Do you think JJBA is actually overrated, or were just pissed at my post


----------



## Donquixote Doflamingo (Apr 8, 2011)

I couple people said Skip Beat as one of their most underrated, but i was always under the impression that it was a pretty popular Manga/Anime?


----------



## Malvingt2 (Apr 8, 2011)

Smh, seriously One Piece overrated? lol 


Anyway

*Overrated: FMA*

*Underrated: Claymore.  *


----------



## Fat Free Milk (Apr 8, 2011)

Most Overrated: One Piece. EASILY.


----------



## MrCinos (Apr 8, 2011)

Overrated: Hunter x Hunter

Underrated: Seinen manga in general. 

Except Urasawa's works, Berserk, Vagabond, Blade of the Immortal and Gunnm/BBA here.


----------



## Eisenheim (Apr 8, 2011)

Overrated:FMA


----------



## Danchou (Apr 8, 2011)

Overrated: FMA/Psyren
Underrated: Hellsing/SDK


----------



## Black Leg Sanji (Apr 8, 2011)

Overrated: Most popular shounen (Some seinen too, do i have to mention Gantz?)

Underrated: Obscure titles


----------



## lambda (Apr 8, 2011)

FMA: Overrated.

galacticryoma.jpg


----------



## Black Leg Sanji (Apr 8, 2011)

lambda said:


> FMA: Overrated.



 **


----------



## Kunkka (Apr 8, 2011)

Overrated:HxH and FMA


----------



## Gain (Apr 8, 2011)

Overrated: FMA, One Piece, JoJo, SAO, Berserk


----------



## Samavarti (Apr 8, 2011)

Overrated: One Piece
Underated: Hoshi no Samidare


----------



## Blinky (Apr 8, 2011)

Overrated: everything everyone of you like. 

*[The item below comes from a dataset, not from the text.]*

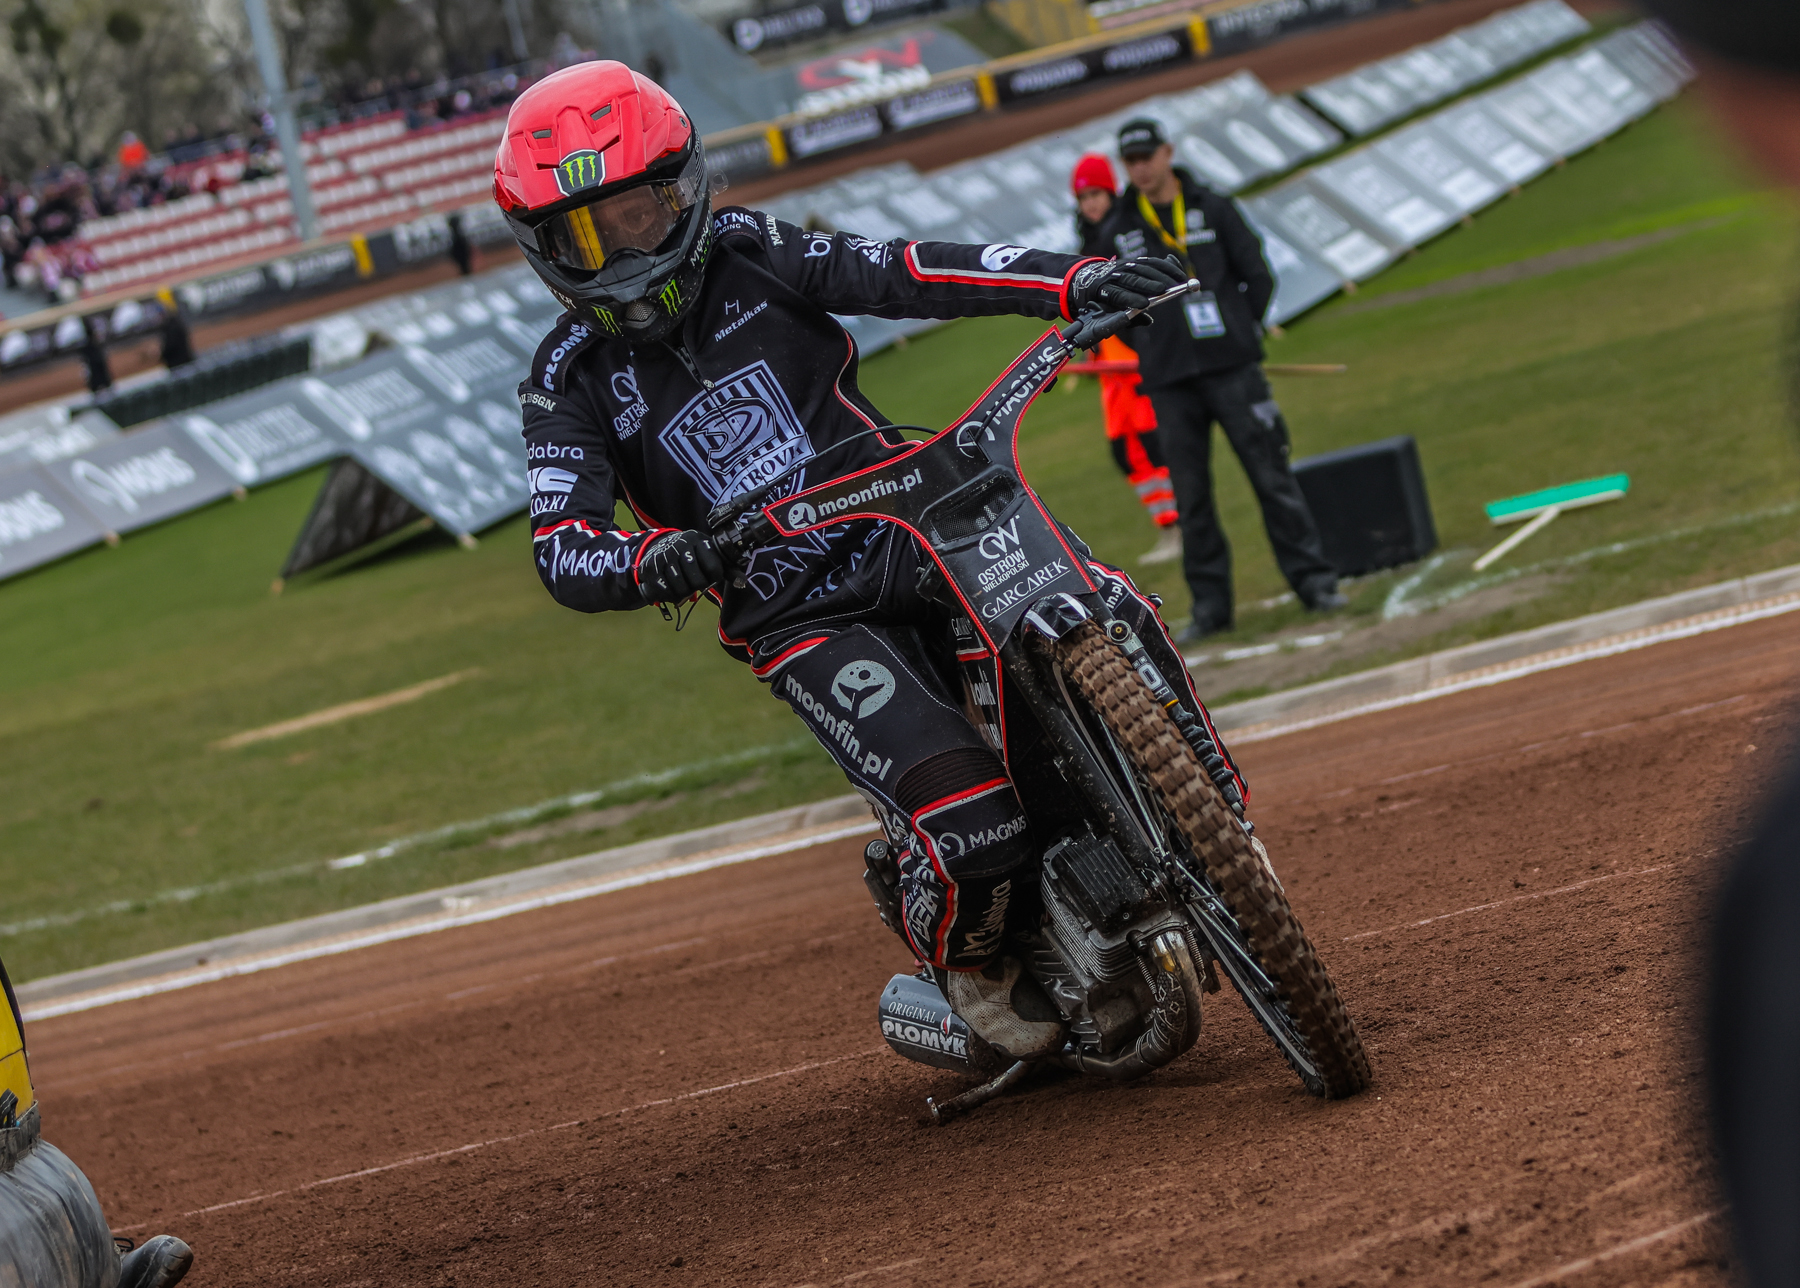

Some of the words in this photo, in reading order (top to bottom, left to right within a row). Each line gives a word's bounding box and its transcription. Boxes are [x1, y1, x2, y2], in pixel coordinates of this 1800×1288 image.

That makes me the smartest.


----------



## Punpun (Apr 8, 2011)

Underrated: Every popular manga victim of "hype backslash" or whatever your reason. In fact, people can't understand why they are great piece of litterature to begin with.

Bleach come in my mind for example.


----------



## Zabuza (Apr 8, 2011)

Over rated: Naruto
Under rated: Nurarihyon no Mago


----------



## Gain (Apr 8, 2011)

I think many of the users choices for underrated fit more in the 'overlooked by the general manga populous' department rather than because they were given ratings below their actual worth.


----------



## GaaraoftheDesert1 (Apr 8, 2011)

Part 1 Naruto >>>>>>>> FMA 
U mad


----------



## Zabuza (Apr 8, 2011)

Nurarihyon no Mago ratings are just absurd.
The story is really good, the characters are all unique and you have one of the best artworks in jump.

The 10/11th rating they get every week is just unbeliveable.


----------



## Malvingt2 (Apr 8, 2011)

Zabuza said:


> Nurarihyon no Mago ratings are just absurd.
> The story is really good, the characters are all unique and you have one of the best artworks in jump.
> 
> The 10/11th rating they get every week is just unbeliveable.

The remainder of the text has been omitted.